Spectrum Software was a software company based in California, whose main focus is electrical simulation and analysis tools, most notably the circuit simulator Micro-Cap. It was founded in February 1980 by Andy Thompson. Initially, the company concentrated on providing software for Apple II systems.

One of the earliest products was Logic Designer and Simulator. Released in June 1980, this product was the first integrated circuit editor and logic simulation system available for personal computers. In many ways it was the forerunner of the Micro-Cap products.

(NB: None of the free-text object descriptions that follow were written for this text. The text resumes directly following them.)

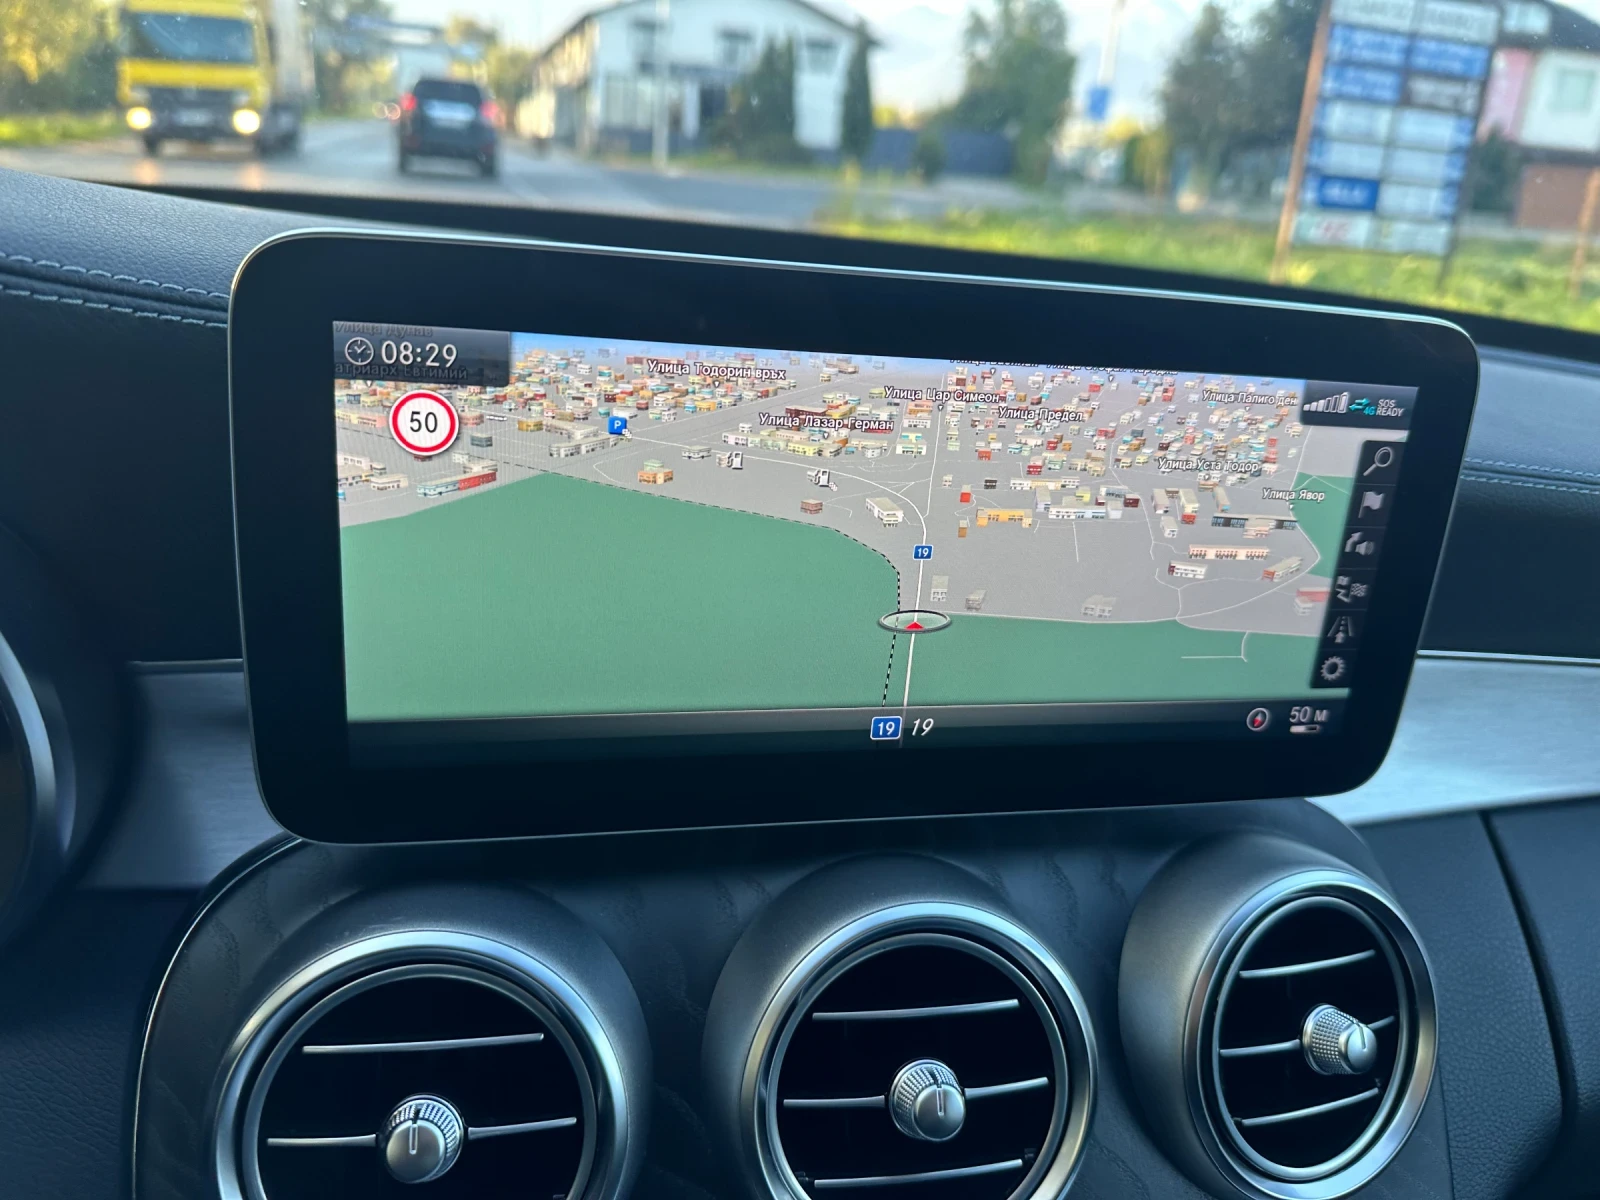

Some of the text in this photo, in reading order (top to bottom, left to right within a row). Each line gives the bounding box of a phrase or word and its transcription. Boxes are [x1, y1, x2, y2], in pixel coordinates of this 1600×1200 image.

[381, 340, 457, 368] 08:29
[648, 360, 786, 380] Улица Тодорин връх
[885, 387, 1000, 403] Улица Цар Симеон
[1202, 390, 1234, 404] Улица
[1378, 398, 1395, 408] SOS
[999, 408, 1083, 423] Улица Предел
[1363, 406, 1376, 416] 4G
[1376, 408, 1403, 417] READY
[409, 411, 438, 433] 50
[759, 413, 894, 432] Улица Лазар Герман
[1157, 458, 1259, 473] Улица Уста Тодор
[1262, 488, 1325, 502] Улица Явор
[917, 546, 929, 558] 19
[1289, 706, 1311, 723] 50
[878, 721, 896, 735] 19
[911, 718, 934, 737] 19
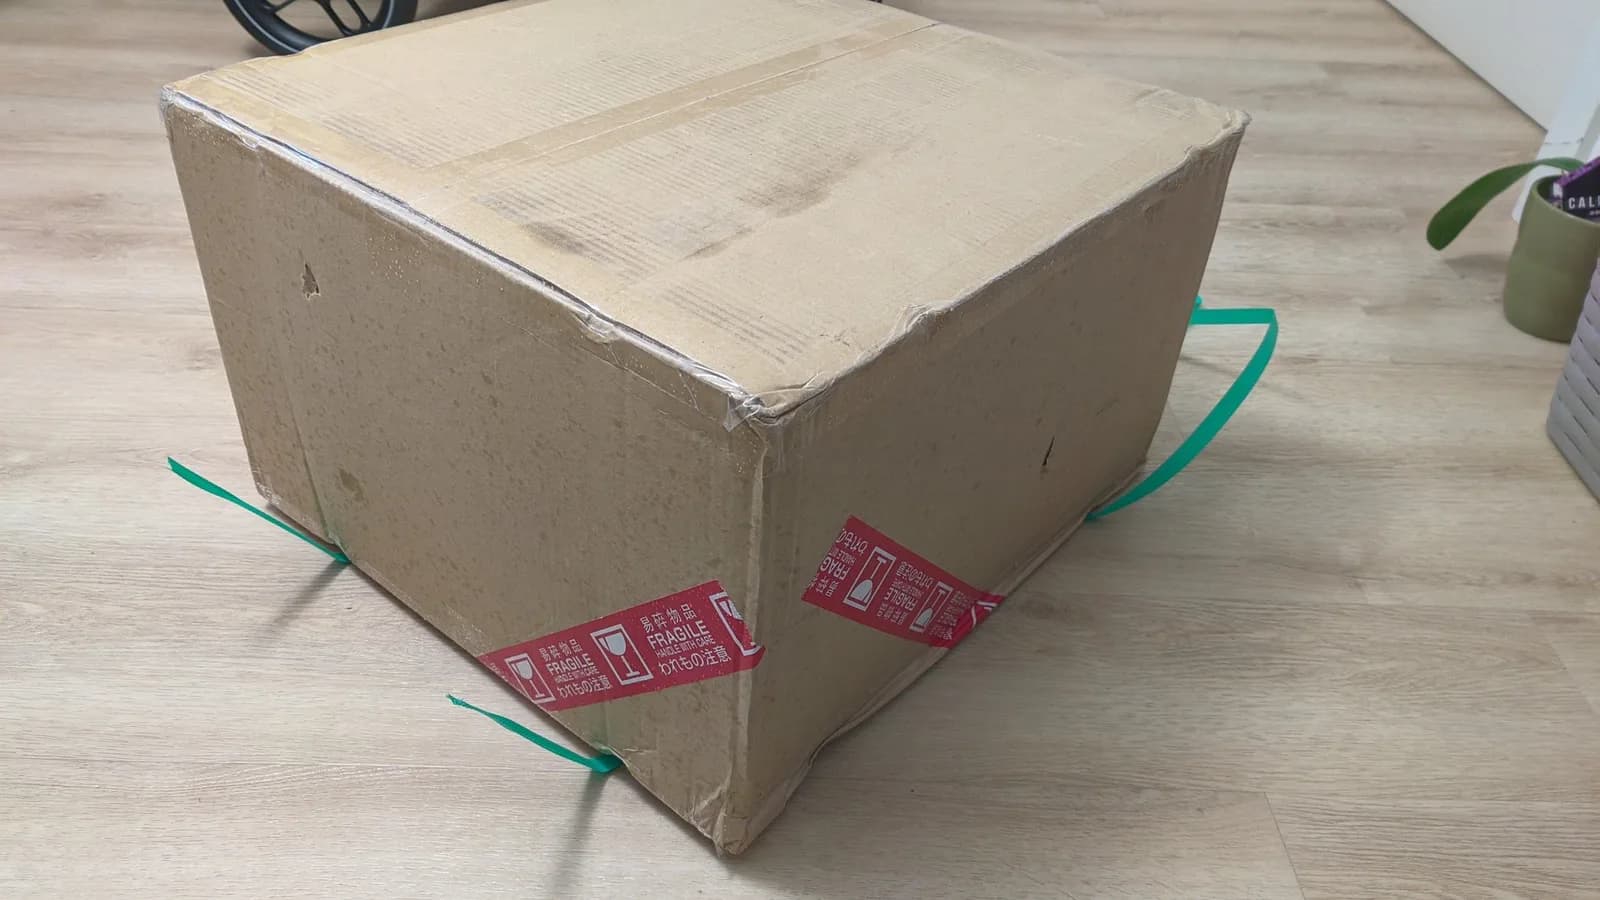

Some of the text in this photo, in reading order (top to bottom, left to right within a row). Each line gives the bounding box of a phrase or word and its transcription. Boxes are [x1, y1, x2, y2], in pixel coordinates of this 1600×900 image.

Its primary goal was to provide a “circuit creation and simulation” environment for digital simulation.

In August 1981, the analog equivalent of the first program, Circuit Designer and Simulator, was released. Its integrated text editor created circuit descriptions for a simple, linear, analog simulator. September 1982 saw the release of the first Micro-Cap package as a successor to the Circuit Designer and Simulator. The name Micro-Cap was derived from the term Microcomputer Circuit Analysis Program.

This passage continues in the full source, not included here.